After voting unanimously to increase the maximum allowable building height in parts of the town zoned I-1, or light industrial, from 35 feet to 55 feet, the board then approved two changes to the zoning designations of properties in the I-1 district.
The measures were prompted by a request from Ingles Markets, one of Black Mountain’s largest employers.
The company had asked the town to increase the maximum allowable
building height in order to clear the way for it to expand its
warehouse, which is zoned I-1.
Speaking in favor of the height increase, Planning Board Chair Harry
Hamil noted that much of the Ingles building already exceeds the
35-foot limit, having been erected prior to the passage of the zoning
rules.
“This is not permitting something that is vastly different from what we have,” Hamil told the board.
However, debate became heated as the aldermen then voted to change the
designations of two tracts of nearby land that were zoned I-1.
The first parcel, which includes an area south of U.S. 70 and east of
Blue Ridge Broadcasting, was rezoned as O-1 or Office Institutional, a
much more restrictive designation. The measure was passed 4-1, with
Alderman Joan Brown dissenting.
The second parcel, which stretches north of U.S. 70, was rezoned to I-2
or Heavy Industrial zoning. That measure was passed 3-2 with Brown and
Rosalie Phillips voting against it.
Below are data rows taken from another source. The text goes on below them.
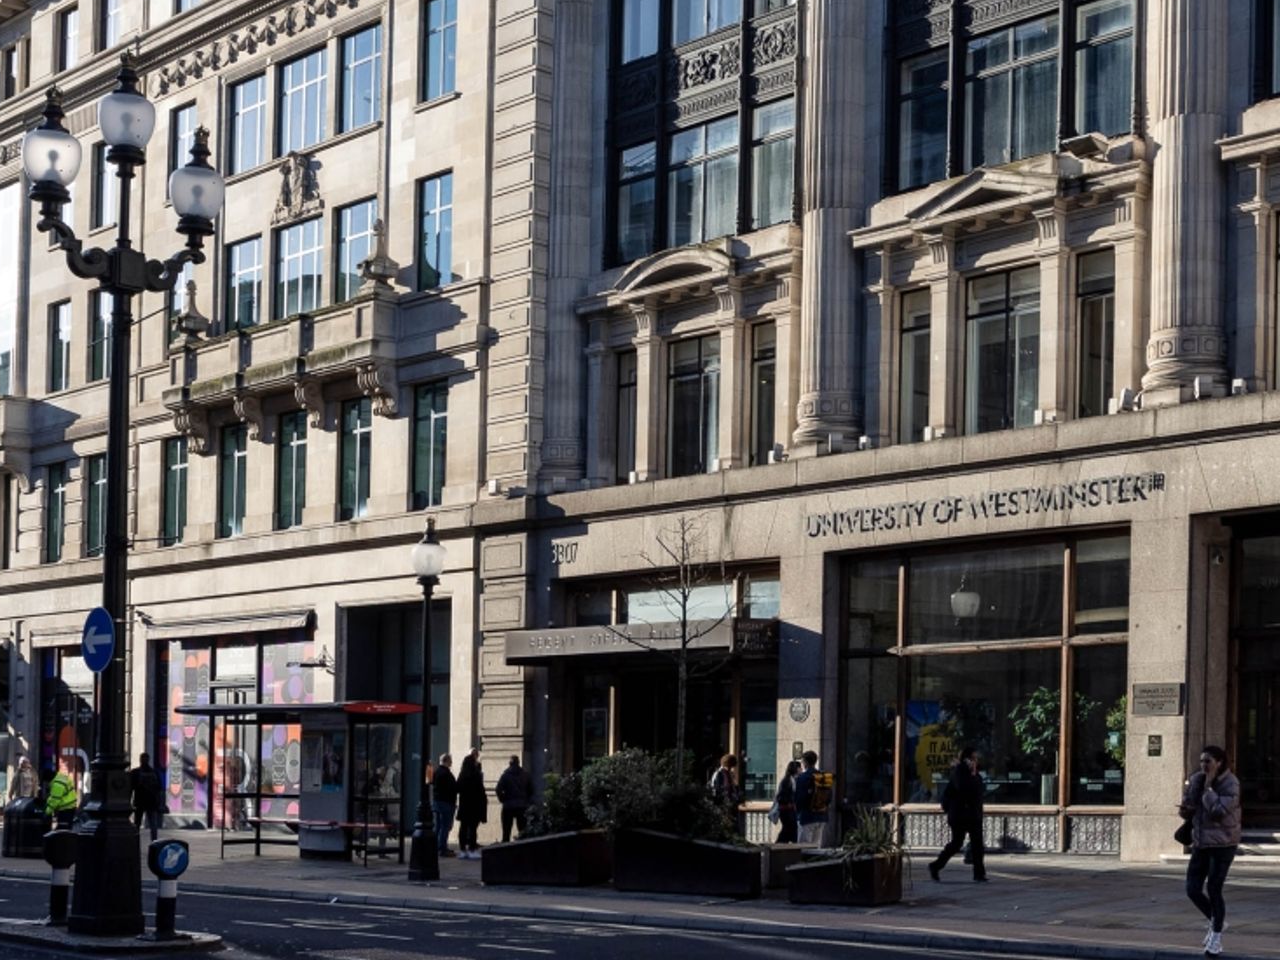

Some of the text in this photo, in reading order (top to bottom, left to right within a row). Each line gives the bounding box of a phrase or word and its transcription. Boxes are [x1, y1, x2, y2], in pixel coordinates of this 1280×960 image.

[806, 477, 1148, 538] UNIVERSITY OF WESTMINSTER
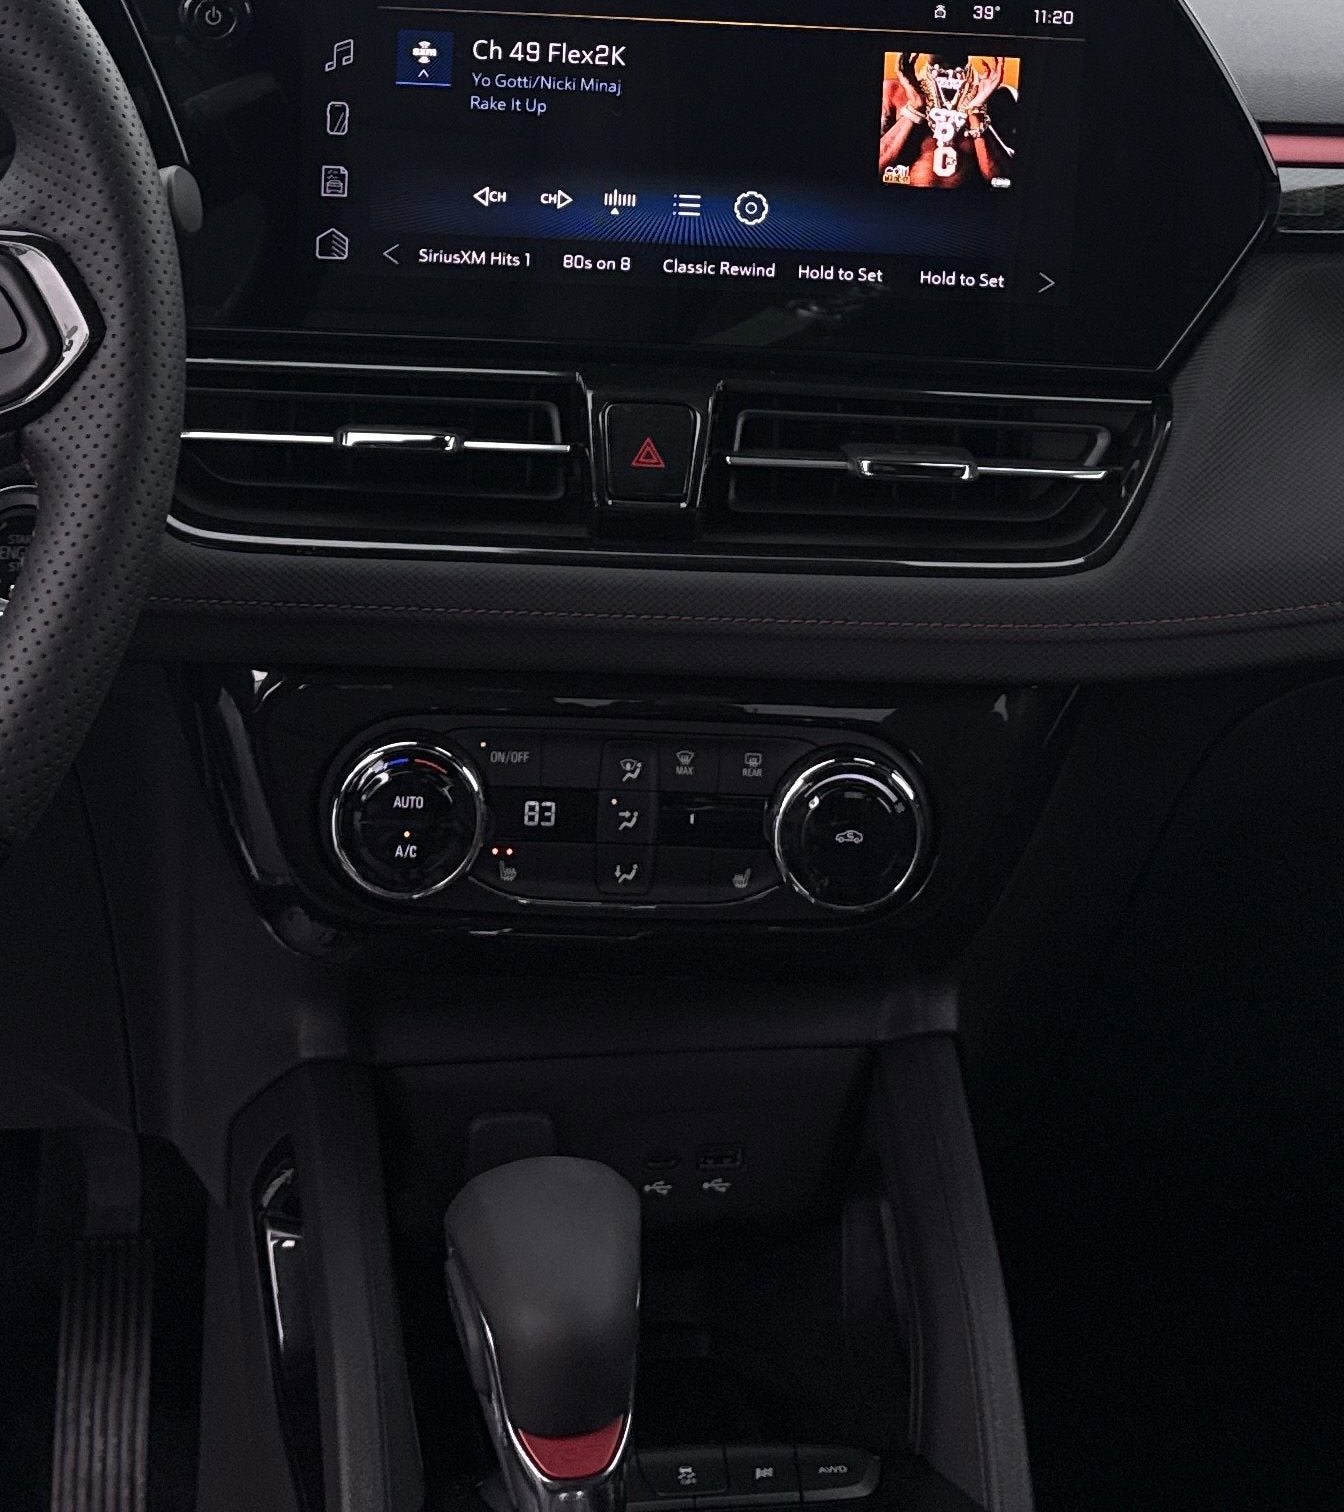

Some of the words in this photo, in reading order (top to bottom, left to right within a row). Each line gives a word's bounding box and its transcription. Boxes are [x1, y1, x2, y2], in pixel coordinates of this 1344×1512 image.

[972, 5, 1001, 20] 39°
[1034, 9, 1074, 25] 11:20
[472, 39, 502, 61] Ch
[509, 41, 541, 62] 49
[548, 42, 627, 67] Flex2K
[472, 72, 491, 88] Yo
[495, 74, 576, 92] Gotti/Nicki
[581, 78, 622, 96] Minaj
[470, 95, 506, 112] Rake
[511, 97, 522, 112] It
[526, 98, 548, 116] Up
[489, 191, 506, 203] CH
[540, 193, 557, 205] CH
[418, 248, 486, 265] SiriusXM
[490, 251, 520, 266] Hits
[524, 252, 531, 267] 1
[563, 254, 593, 270] 80s
[596, 259, 616, 271] on
[620, 257, 631, 271] 8
[662, 258, 716, 276] Classic
[720, 261, 776, 278] Rewind
[798, 264, 834, 281] Hold
[837, 267, 854, 282] to
[858, 267, 883, 283] Set
[920, 270, 956, 286] Hold
[959, 272, 976, 287] to
[979, 273, 1004, 288] Set
[490, 750, 530, 764] ON/OFF
[676, 766, 694, 776] MAX
[742, 768, 763, 778] REAR
[392, 795, 424, 810] AUTO
[524, 800, 556, 827] 83
[394, 843, 418, 858] A/C
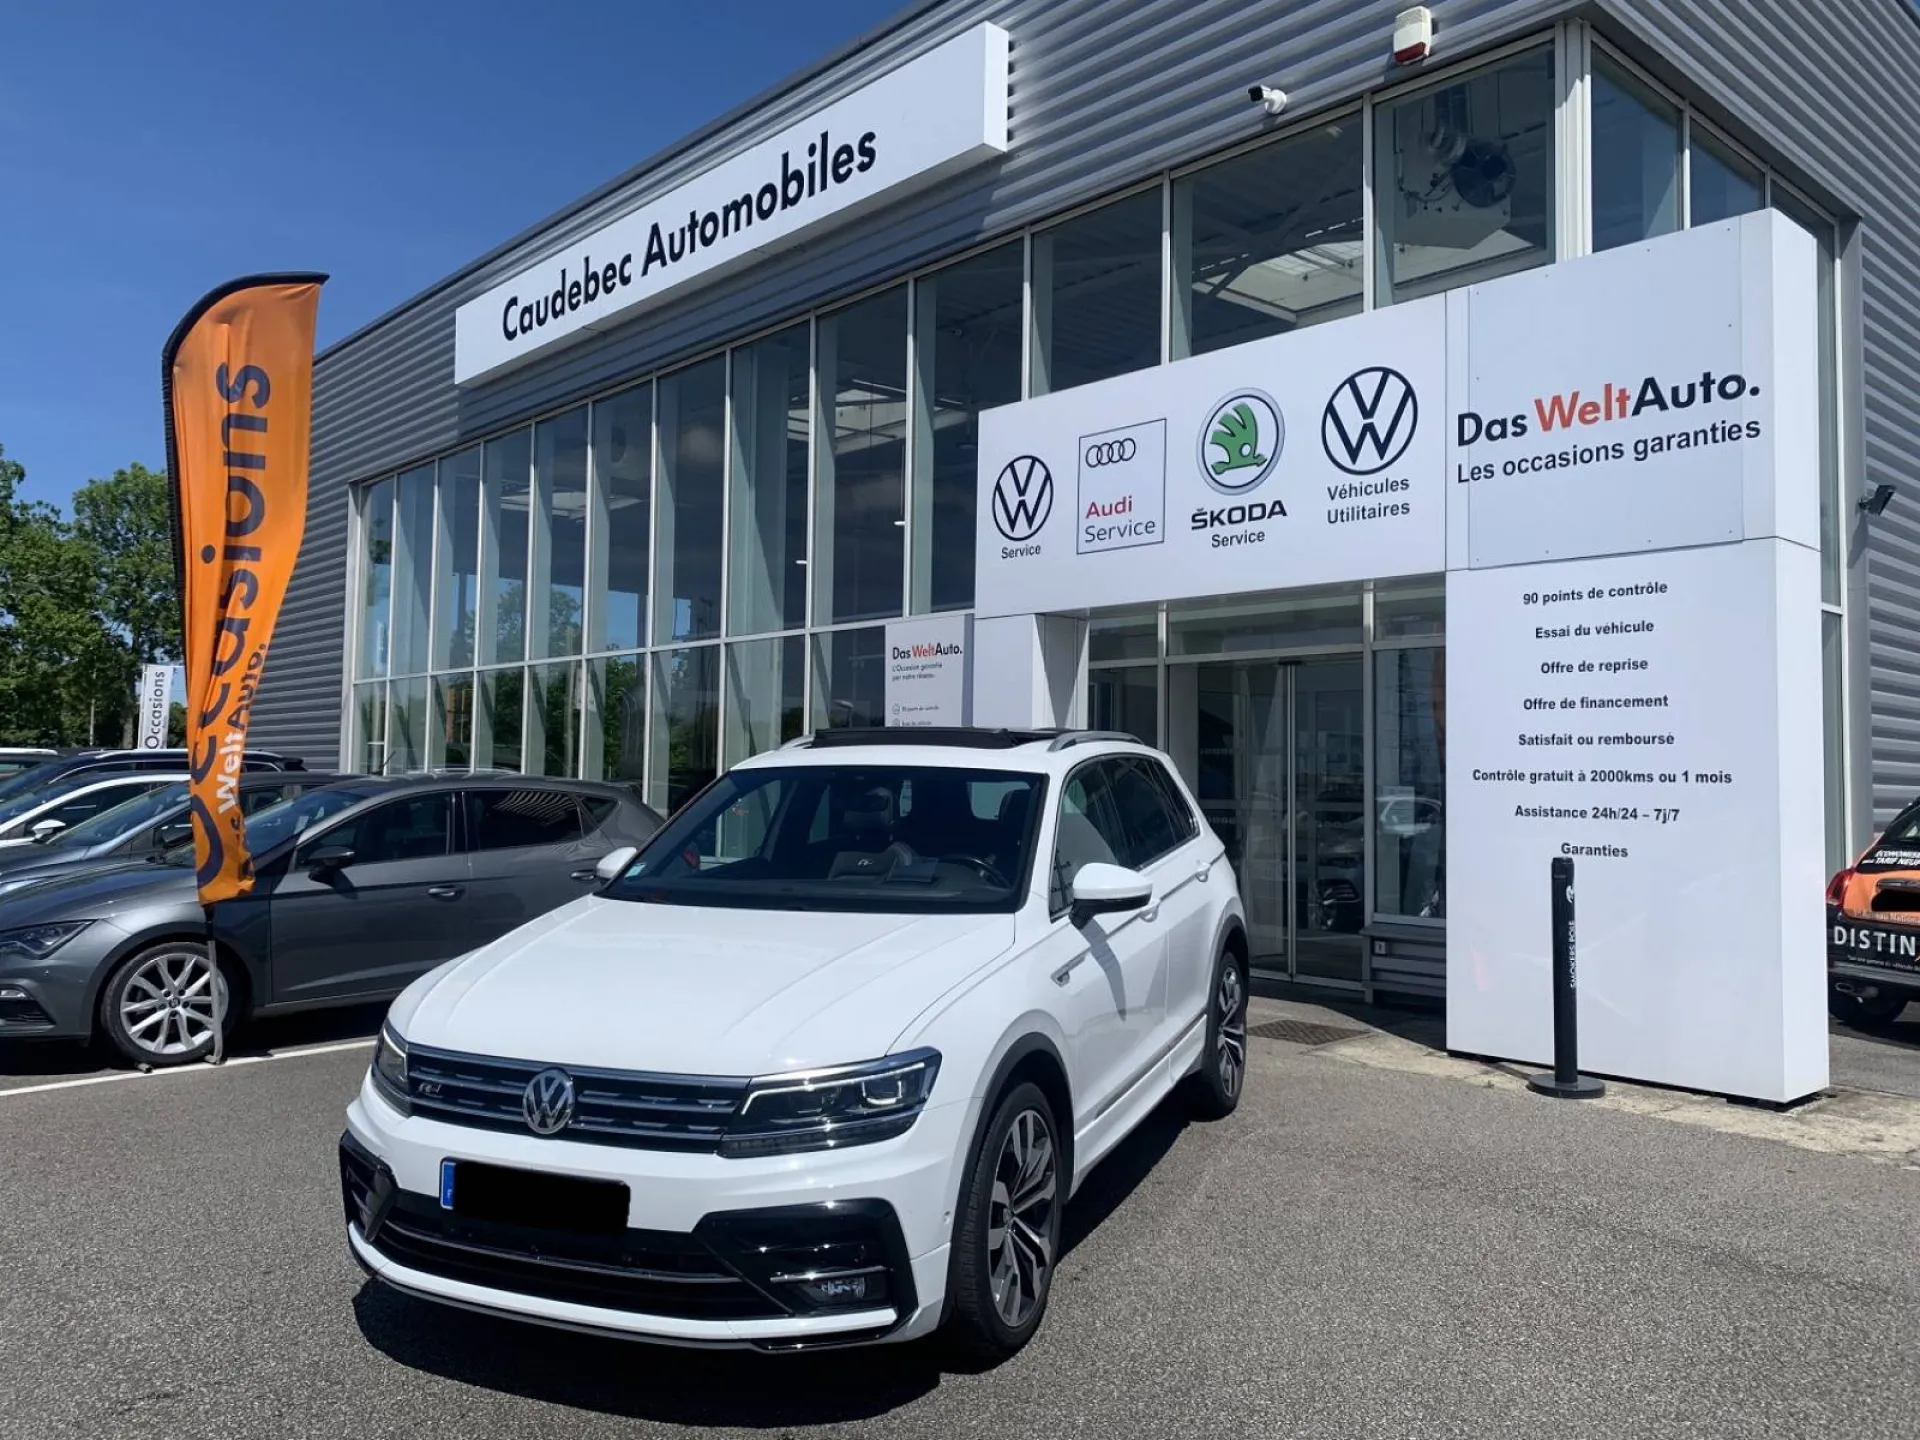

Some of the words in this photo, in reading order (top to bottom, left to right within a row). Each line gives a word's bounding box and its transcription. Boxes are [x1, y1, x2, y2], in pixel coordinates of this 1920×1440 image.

However, because it had been
introduced that evening, a second vote will be held about it at the
aldermen’s meeting next month.
The two rezoning measures were intended to keep the whole district from
being allowed the higher height limit. However, the first one was
passed despite strong objections — and a formal protest petition — from
two of the major landowners in the area being considered.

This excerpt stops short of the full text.